Рассказы не о любви - Нина Берберова 6 стр.


- Не пора ли нам, - возвысил он внезапно голос, - не пора ли нам, господа, приступить наконец к более реальным удовольствиям? Лелинька, не выскажешься ли ты насчет ужина?

Все зашумели, загоготали, повставали со своих мест Леля блестя глазами, отводя свое колено от колена мосье Робера, встала и, задевая широким платьем мужчин, прошла в столовую.

- Пожалуйста, господа, - сказала она, и через минуту уже захлопали пробки, застучали вилки и ножи.

- Правда, что у вас болен сын? - спросила маленькая усатая гостья.

- У вас есть сын? - загремел Родовский, успевший положить себе в рот что-то горячее, черное, необыкновенно вкусное, которому названия он не знал.

- Очаровательный мальчик, - бархатно укрыл его голосом мосью Робер, - изумительный мальчик.

- Я, кстати, любящим оком взгляну, что он делает, - провозгласил Лев Иванович.
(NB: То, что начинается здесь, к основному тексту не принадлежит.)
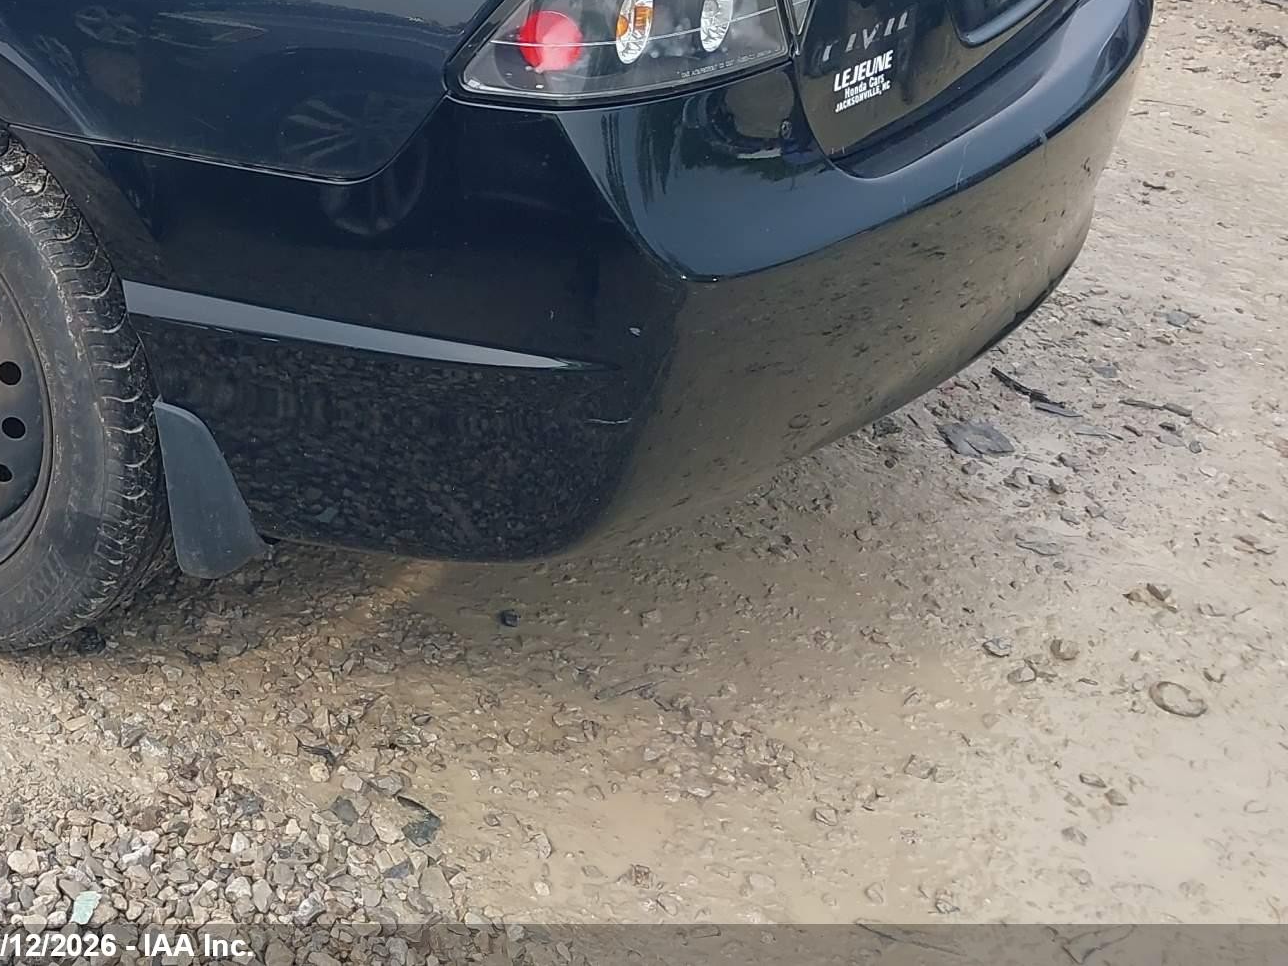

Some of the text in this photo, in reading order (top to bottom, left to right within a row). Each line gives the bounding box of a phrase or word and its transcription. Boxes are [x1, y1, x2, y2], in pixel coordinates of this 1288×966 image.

- Пойди, мой дорогой, - донеслось с Лелиной стороны. Нет, отменить этот вечер нельзя было, конечно, как невозможно было отменить этот день, обнажившийся под вчерашним календарным листиком, как нельзя было отменить всех когда-то сказанных слов и подступающих уже совсем близко событий. Как нельзя было отменить самого себя.

У Андрюшиной постели сидела Мариша и дремала, сложивши на коленях руки. Андрюша, розовый от жара, спал, рот его был раскрыт и сух. Лев Иванович постоял, посмотрел на него, нагнулся. Андрюша открыл сонные глаза, выпростал со вздохом правую руку из под одеяла. "Ну, как? Папа был?" - "Спасибо, дядя Лева". - "За что же спасибо? А маме ты лучше про это не говори". - "Ну конечно нет!"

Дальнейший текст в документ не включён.